Monday, July 13, 2020

Last Call For Trump Gets Schooled

California calls the Trump regime's cards on cutting federal funding to schools that do not open classrooms for in-person teaching, as both Los Angeles and San Diego school districts say they will go to online only courses this fall.

California’s two largest public school districts said Monday that instruction will be remote-only in the fall, citing concerns that surging coronavirus infections in their areas pose too dire a risk for students and teachers.
The Los Angeles and San Diego unified school districts, which together enroll some 825,000 students, are the largest so far in the country to abandon plans for even a partial physical return to classrooms when they reopen in August.
More than a third of California’s coronavirus cases are in Los Angeles County, and San Diego County has had 18 community outbreaks over the past week, more than double the state’s acceptable threshold.
“There’s a public health imperative to keep schools from becoming a petri dish,” said Austin Beutner, the school superintendent in Los Angeles.
The joint announcement came as Education Secretary Betsy DeVos continued to press the Trump administration’s case to quickly reopen public schools, not only for students’ social and emotional development, but also to allow parents to return to work fully.
In television appearances over the weekend, she downplayed both the virus and the school reopening guidelines issued by the administration’s own public health officials. “I think the go-to needs to be kids in school, in person, in the classroom, because we know for most kids, that’s the best environment for them,” Ms. DeVos said on CNN’s “State of the Union.”
She also reiterated the administration’s stance that guidelines issued by the Centers for Disease Control and Prevention deeming in-person classes the “highest risk” option were not mandatory. President Trump threatened last week to cut off federal funding to schools that did not reopen their campuses.
The recommendations from the president and Ms. DeVos have been disputed by many public health officials and teachers. On Friday, the American Academy of Pediatrics, the American Federation of Teachers, the National Education Association and AASA, the School Superintendents Association issued a statement saying that reopening recommendations should be “based on evidence, not politics.”
The groups added that “we should leave it to health experts to tell us when the time is best to open up school buildings, and listen to educators and administrators to shape how we do it.”
In the Los Angeles and San Diego districts’ joint statement, they noted that research is incomplete and recommendations have been contradictory.
But “one fact is clear,” the statement said. “Those countries that have managed to safely reopen schools have done so with declining infection rates and on-demand testing available. California has neither. The skyrocketing infection rates of the past few weeks make it clear the pandemic is not under control.”

The bigger problem is that COVID-19 is spreading in 48 of 50 states right now, and New York, New Jersey, and Massachusetts are all getting close to reversing that progress.  Only Maine and New Hampshire are seeing fewer cases right now.

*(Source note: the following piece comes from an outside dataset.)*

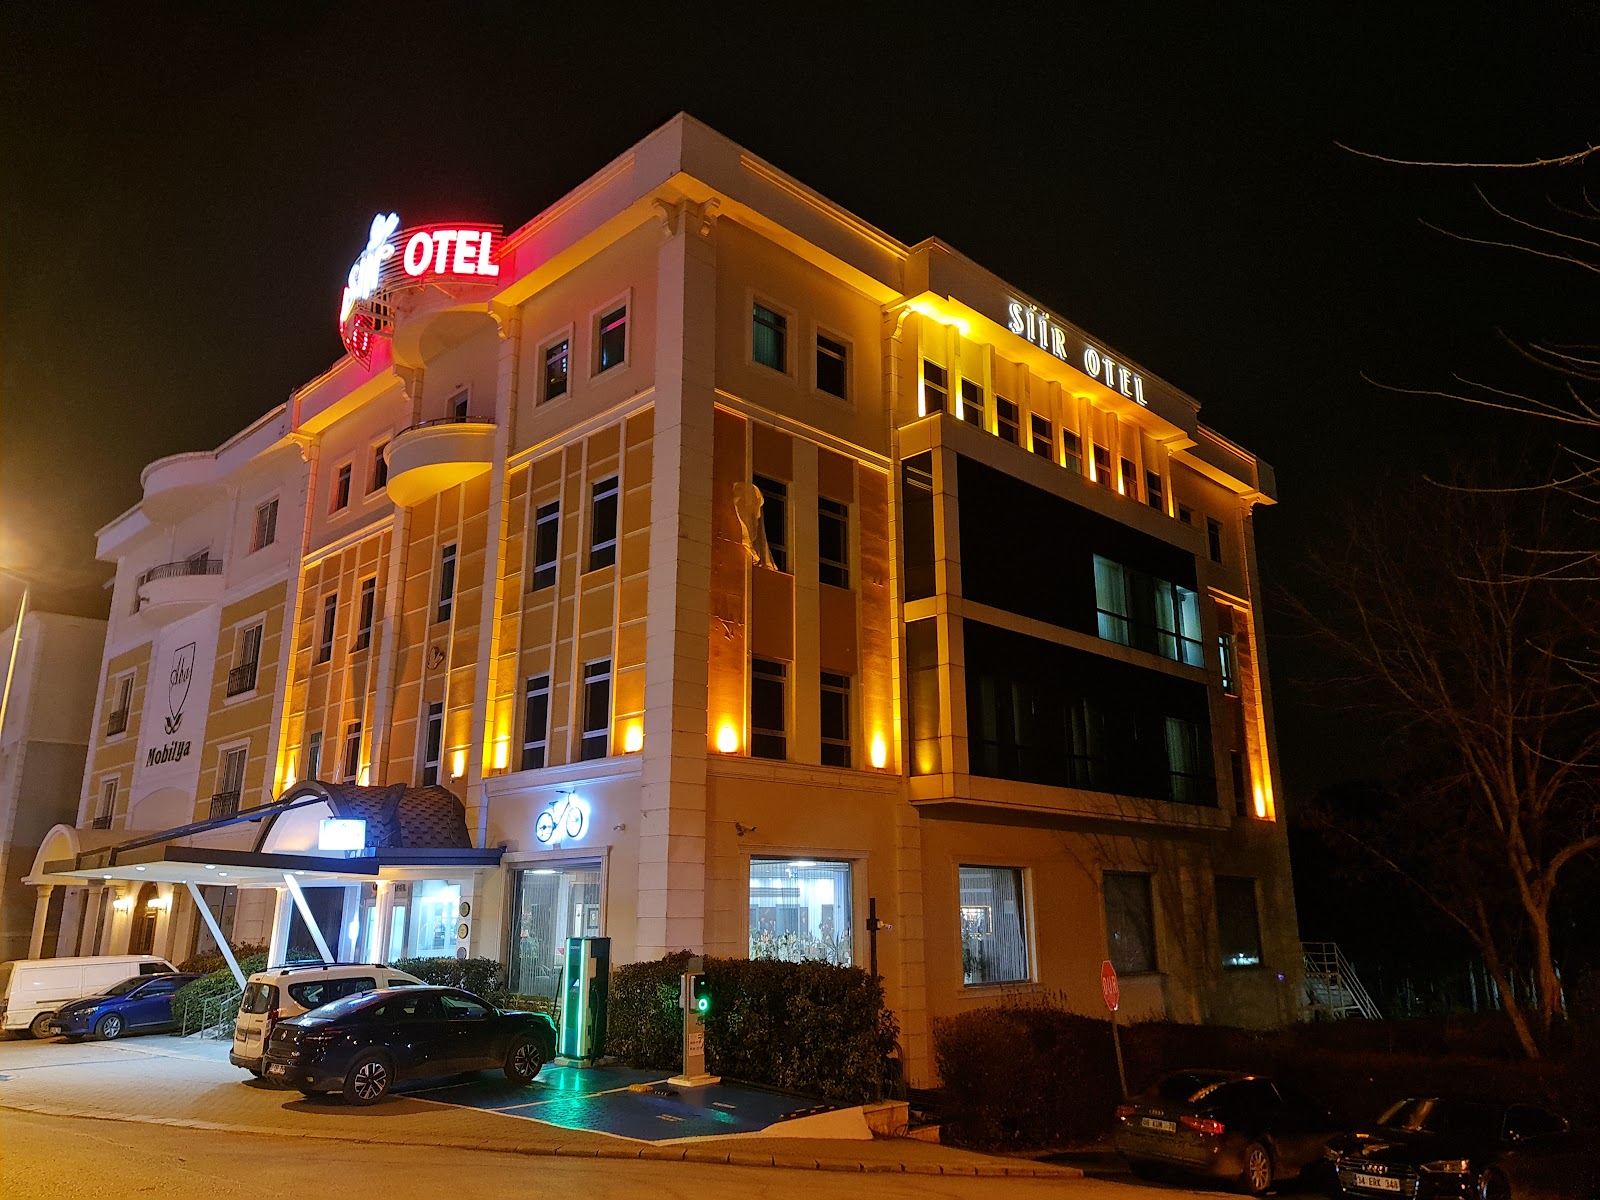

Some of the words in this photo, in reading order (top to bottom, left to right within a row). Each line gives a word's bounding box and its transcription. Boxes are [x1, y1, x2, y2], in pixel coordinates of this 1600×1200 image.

We'll see if Trump and DeVos move to punish school districts, but I doubt they will, hell I doubt they even can, legally.

Stay tuned.

Biden, His Time Con't

CNN's Harry Enten has seen enough Texas polls to consider the Lone Star State in play for Joe Biden in 2020.

New CBS News/YouGov polls show President Donald Trump is in trouble in three states he won in 2016. He's tied with former Vice President Joe Biden in Arizona (46% to 46%), a state he won by four points in 2016. Trump's down 48% to 42% in Florida, a state he took by a point in 2016. 
But it's the third state, Texas, where the eye popping result comes from. It's Trump 46% to Biden's 45%, a result well within any margin of error.

It's pretty clear looking at the data that Texas is a swing state in the 2020 election. The 2020 campaign could be the first time Democrats captured the Lone Star State in a presidential election since 1976. 
The CBS News/YouGov poll is not an outlier over the last month. There have been eight polls released publicly since the beginning of June. The result is that Biden and Trump are basically tied, with Biden up by a mere 0.3 points in Texas. 
Importantly, and unlike in other states, the polls in Texas have not overestimated Democrats over the last few cycles. If anything Democrats actually slightly outperformed their final polls in the 2016 presidential race and 2018 Senate races.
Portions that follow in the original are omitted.